Beyer was followed by Rep. Gerry Connelly, who noted that only a few months ago prior to the Supreme Court ruling ending Roe Vs. Wade, Republicans were 9 percent up in the polls for this fall’s elections, but since then, the Democrats have soared to take a 2 percentage point lead.

“The whole country is counting on us Democrats to make sure what was done to reproductive rights doesn’t happen again,” he said.

Raskin, who has inlaws attending schools in Northern Virginia including Marshall and Madison High Schools, praised the Fairfax activists Sunday night “for showing all America how you turn a red state blue.”

As a law professor at American University, he cited the basics of the fight to establish the U.S. and its Constitution against royalists and theocracy advocates. He cited one of his favorites, Thomas Paine, who mobilized the effort for democracy as “a cause of all mankind.” It is a fight today against forces of tyranny from Moscow to Mar-a-Lago to defend democracy and human rights, he said.

As for the Second Amendment, he quipped, “we do not call for it to be repealed, so much as for its proponents to actually read what it says.”

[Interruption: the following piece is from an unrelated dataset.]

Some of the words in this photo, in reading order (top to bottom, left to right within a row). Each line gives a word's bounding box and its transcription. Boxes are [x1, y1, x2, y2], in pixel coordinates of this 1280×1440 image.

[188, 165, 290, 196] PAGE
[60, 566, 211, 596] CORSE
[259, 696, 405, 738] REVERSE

The Constitution being the “motor of democracy,” it has been altered by amendments more than a half-dozen times to expand and clarify the notion of “government of, by and for the people” that rules “with the consent of the governed,” he said.

This is what is now under attack in the U.S. and in the world, and notwithstanding the best efforts of U.S. Reps. Liz Cheney and Adam Kinsinger, the two Republicans on the Select committee, there is now, he said, “Only one party left” fighting for these values. “The Democratic Party is now the sole party of democracy.”
It is now, he said, the ongoing fight for the maintenance and growth of democracy (he cited John Dewey who argued that “the only cure for the ills of democracy is more democracy”) is pitted against the nihilism of its opponents.

He concluded his remarks by quoting Thomas Paine in his pamphlet urging on the fight for democracy in 1776. “These are the times that try men’s souls: The summer soldier and the sunshine patriot will, in this crisis, shrink from the service of his country; but he that stands now, deserves the love and thanks of man and woman. Tyranny, like hell, is not easily conquered; yet we have this consolation with us, that the harder the conflict, the more glorious the triumph.”